Your insights are incredibly helpful, Merlin.

I think there may be a semantics or frame of reference issue regarding the haul.
Does it refer to the movement of the line arm and hand, or does it refer to the movement of the line itself?
I'd think the latter.
Looked at that way, wouldn't a haul occur during a distance delivery cast even if the line was tied to a shirt button?
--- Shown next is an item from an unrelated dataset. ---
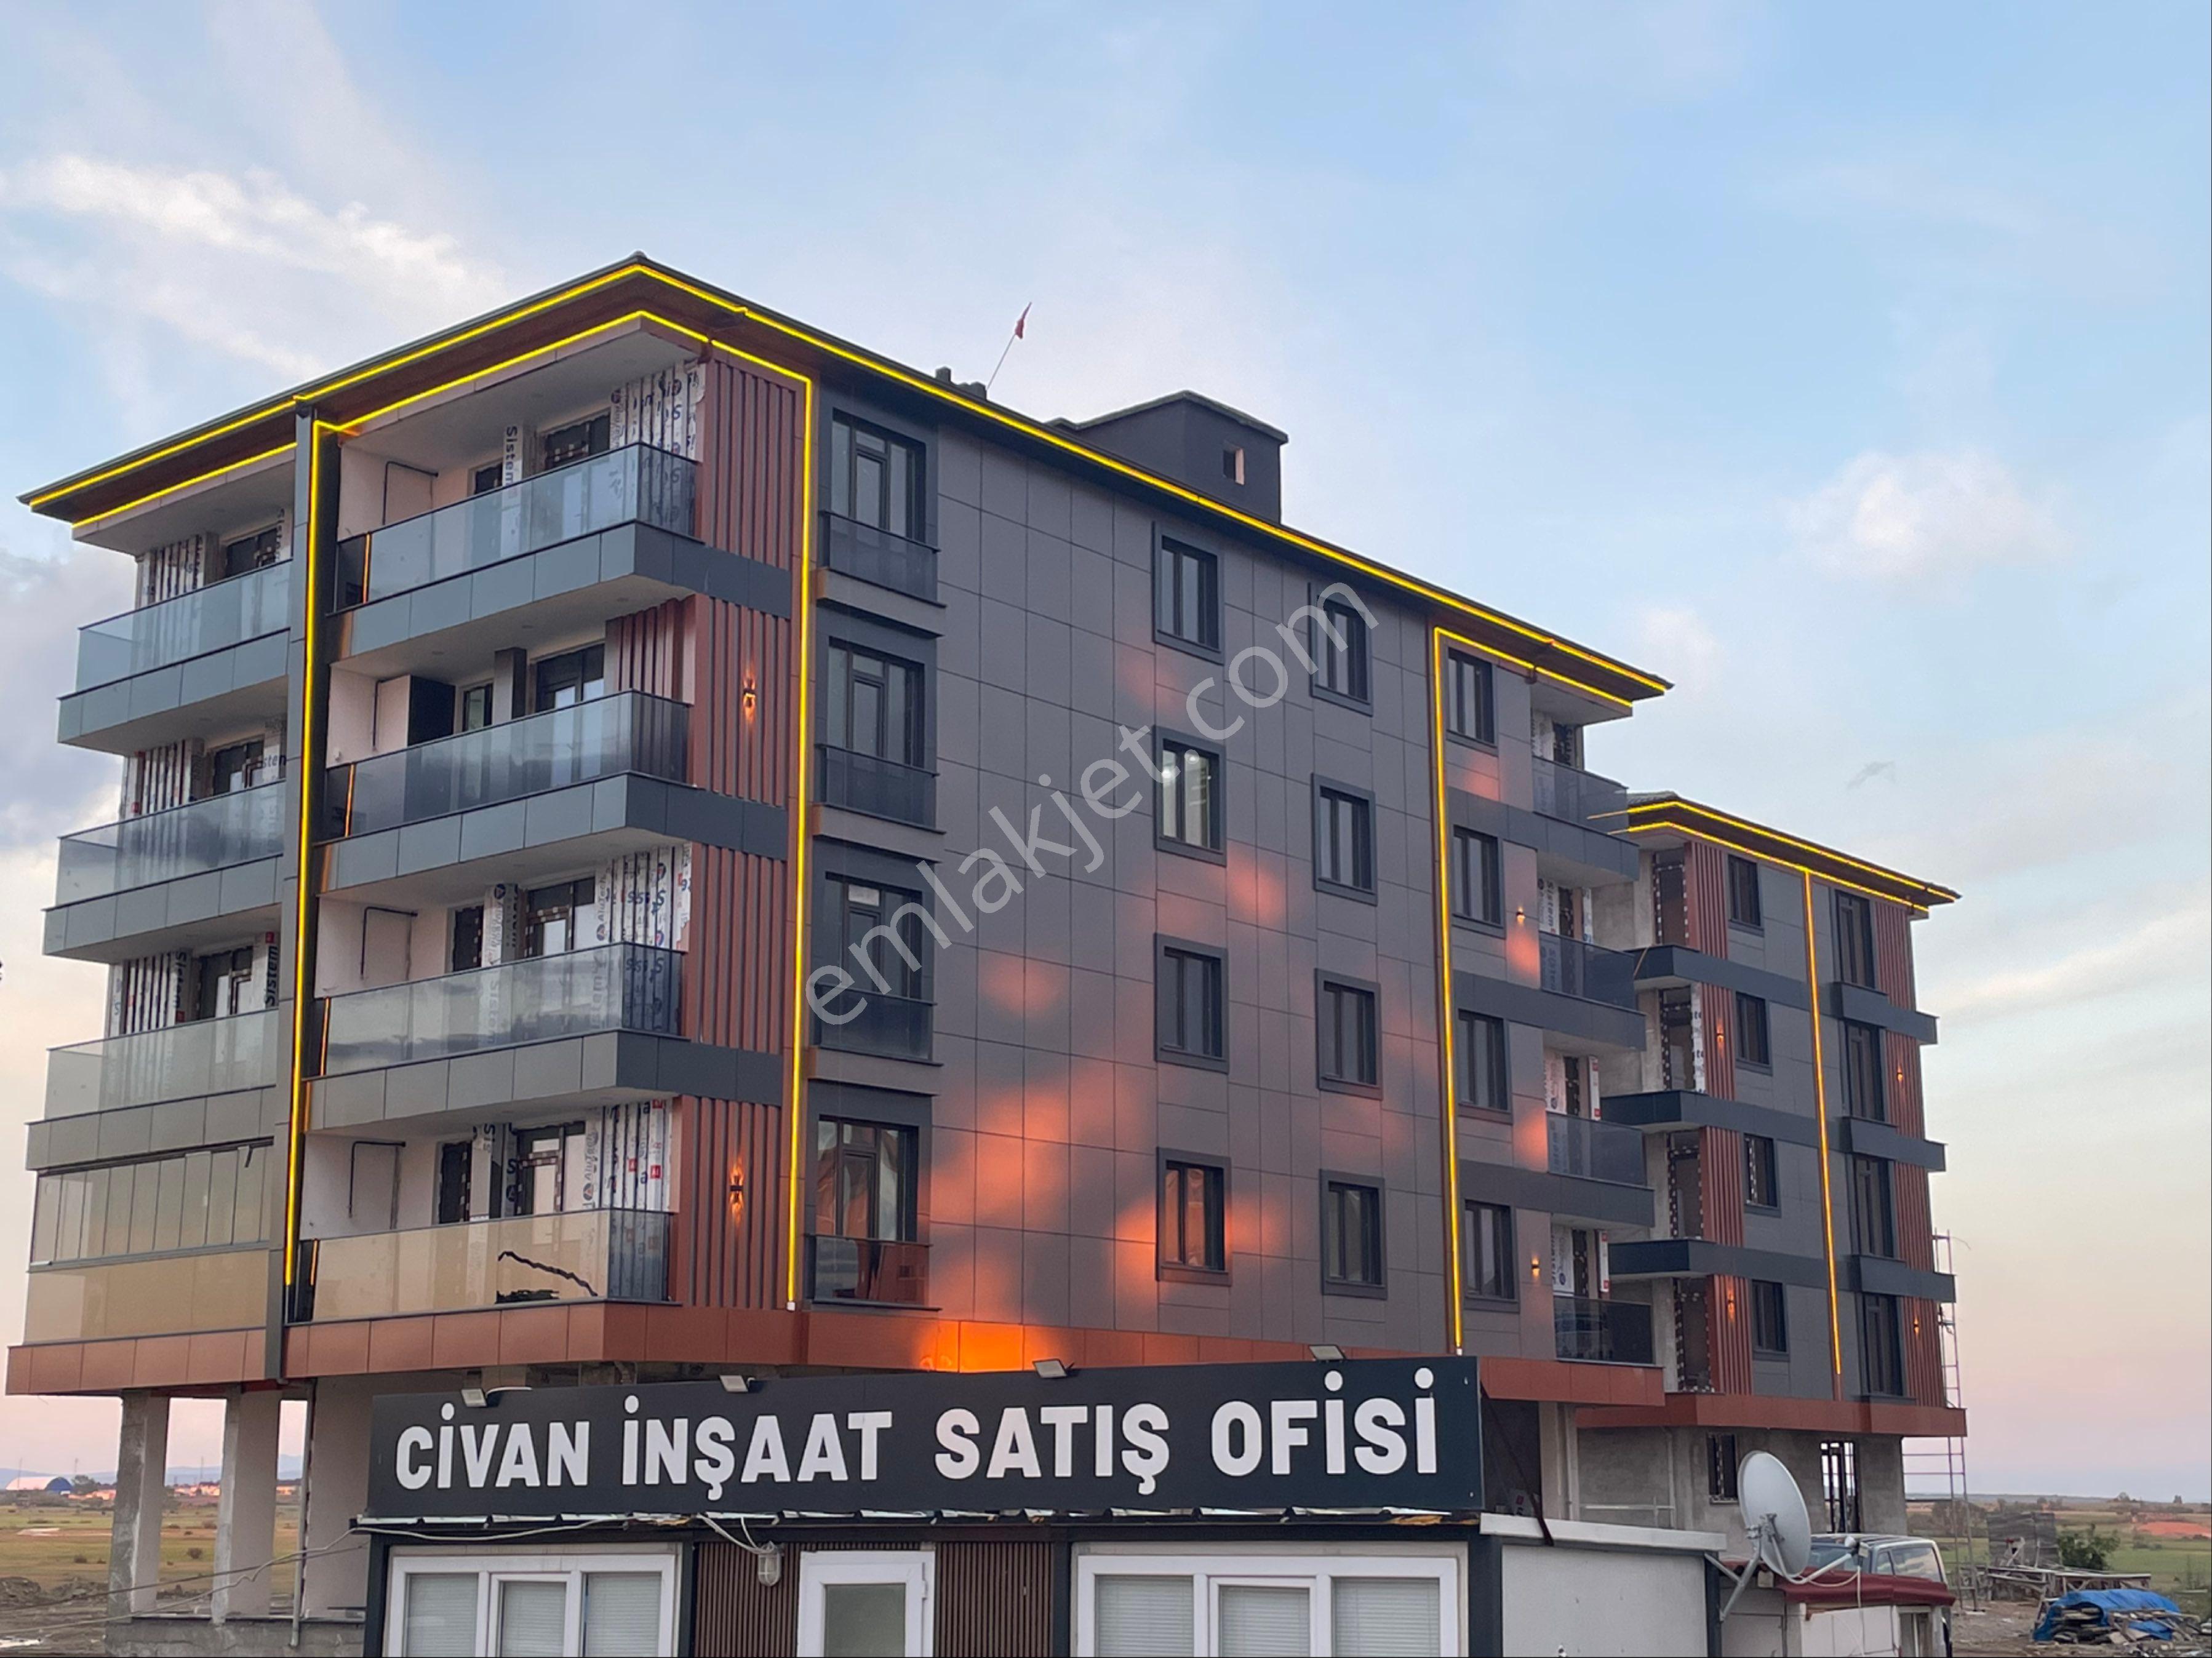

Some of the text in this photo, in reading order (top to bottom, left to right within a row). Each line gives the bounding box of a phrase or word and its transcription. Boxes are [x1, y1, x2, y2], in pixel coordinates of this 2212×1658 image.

The rod acts like a pulley around which the haul is made. The apex of that pulley could be considered the leading edge of the bend in the rod as it unloads (the most forward spot on Torsten's circle of rotation)........and not the collector guide as commonly described. That center of rotation/center of pulley is moving up and forward away from the hauling hand (or shirt button), both from simple geometry as the rod is rotated and translated forward, but also dynamically as the rod unloads and the bend/load is shifted farther out the rod. Viewed in this context, James sense of the hit being related to a forceful separation of the hands fits well with Paul's (previous) descriptions of the backcast haul being determined by how fast the hands separate. The same thing each way, only less obvious with the delivery cast?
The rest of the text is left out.